According to Eliot, Bible is to be considered as ‘word of God’. Secondly, he
mentions devotional poetry. A devotional poet he says is not the one who
treats the subject matter in the religious spirit, but the one who treats a part
of the subject matter. Eliot considers poets like Spencer, Hopkins, Vaughan
and Southwell as minor poets while Dante, Corneille and Racine as major
poets. Thirdly, he states, are the works of authors who want to forward the
cause of religion. These types of works come under propaganda, for instance,
Chesterton’s ‘Man who was Thursday’ and ‘Father Brown’.
My own views on the idea of relationship between religion and
literature: Religion and Literature and interrelated with each other in many
ways.
There are so many similarities between religion and literature. One of them is
that; both religion and literature talk about the morality. So, if we look at the
religious point of view, we will see different religious approaches of different
religion. Like; Islam, Christianity, Hinduism, Buddhism, Judaism. In all of
these religions, morality is an essential part. And, if we look at the lateritious
point of view, we will see different kinds of literature stuff like; poetry, drama
and prose which are based on morality.
The other similar thing and relation between them is that; both are talk about
humanity. So, if we look at the religious point of view, we will see different
religious approaches of different religion. Like; Islam, Christianity,
Hinduism, Buddhism, Judaism. In all of these religions, humanity is also an
essential part. Every religion talks about the human development and
empowerment.
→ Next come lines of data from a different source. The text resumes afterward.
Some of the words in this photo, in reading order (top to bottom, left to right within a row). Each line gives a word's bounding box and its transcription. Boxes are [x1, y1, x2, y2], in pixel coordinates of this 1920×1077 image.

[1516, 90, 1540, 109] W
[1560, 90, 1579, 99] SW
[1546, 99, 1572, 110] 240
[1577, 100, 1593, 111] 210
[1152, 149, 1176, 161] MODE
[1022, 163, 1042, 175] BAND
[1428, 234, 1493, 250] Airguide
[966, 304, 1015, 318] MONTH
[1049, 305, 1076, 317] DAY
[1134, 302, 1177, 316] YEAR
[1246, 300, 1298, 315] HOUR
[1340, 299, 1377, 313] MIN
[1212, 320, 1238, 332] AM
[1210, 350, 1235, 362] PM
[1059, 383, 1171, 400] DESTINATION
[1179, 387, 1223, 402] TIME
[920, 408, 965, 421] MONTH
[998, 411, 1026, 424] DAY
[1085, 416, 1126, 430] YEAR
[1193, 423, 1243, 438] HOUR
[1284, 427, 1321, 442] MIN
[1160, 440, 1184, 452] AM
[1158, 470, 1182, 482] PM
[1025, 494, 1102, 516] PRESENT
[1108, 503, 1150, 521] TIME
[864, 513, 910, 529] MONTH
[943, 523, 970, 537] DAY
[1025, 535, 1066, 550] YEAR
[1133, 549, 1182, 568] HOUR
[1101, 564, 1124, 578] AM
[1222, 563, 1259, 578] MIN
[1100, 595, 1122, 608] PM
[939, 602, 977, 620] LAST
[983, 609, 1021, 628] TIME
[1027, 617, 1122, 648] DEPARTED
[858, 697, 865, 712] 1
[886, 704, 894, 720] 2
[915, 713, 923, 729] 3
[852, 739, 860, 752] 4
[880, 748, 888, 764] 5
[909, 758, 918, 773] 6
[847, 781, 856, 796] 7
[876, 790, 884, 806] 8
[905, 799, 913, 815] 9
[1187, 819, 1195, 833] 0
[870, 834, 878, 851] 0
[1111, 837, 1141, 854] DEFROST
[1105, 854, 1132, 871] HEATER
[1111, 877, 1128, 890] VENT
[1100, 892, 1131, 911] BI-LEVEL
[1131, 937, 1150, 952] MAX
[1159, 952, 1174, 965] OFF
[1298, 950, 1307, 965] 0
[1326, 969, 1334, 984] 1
And, if we look at the lateritious point of view, we will see
different kinds of literature stuff like; poetry, drama and prose which are
based on humanity.
The other similar thing and relation between them is that; both are talk about
peace and love. So, if we look at the religious point of view, we will see
different religious approaches of different religion. Like; Islam, Christianity,
Hinduism, Buddhism, Judaism. In all of these religions, humanity is also an
essential part. Every religion talks about the peace and love and people should
live their lives with peace and love. And every religion promotes peace and
love. And, if we look at the lateritious point of view, we will see different kinds
of literature stuff like; poetry, drama and prose which are based on peace and
love.
Past Paper 2021
A: 1 Sir Philip Sidney’s An Apology for Poetry, also known as The Defense of
Poesy, was written in 1579-80). It has at least one great claim to fame: it’s the
first work of ‘literary criticism’ in English. Sidney’s essay is an ‘apology’ for,
or defense of, the art of poetry, but Sidney was inspired to write it for a very
specific reason. Let’s take a closer look at this landmark defense of poetry
from a true Renaissance man.
Summary:
An Apology for Poetry is about the role of the poet in society. Sidney takes
pains to demonstrate that all the great civilizations of the world have valued
poetry and the work of the poet. For Sidney, poetry is not merely part of
civilization: it is civilization. Poetry is a civilized, and civilizing, art form.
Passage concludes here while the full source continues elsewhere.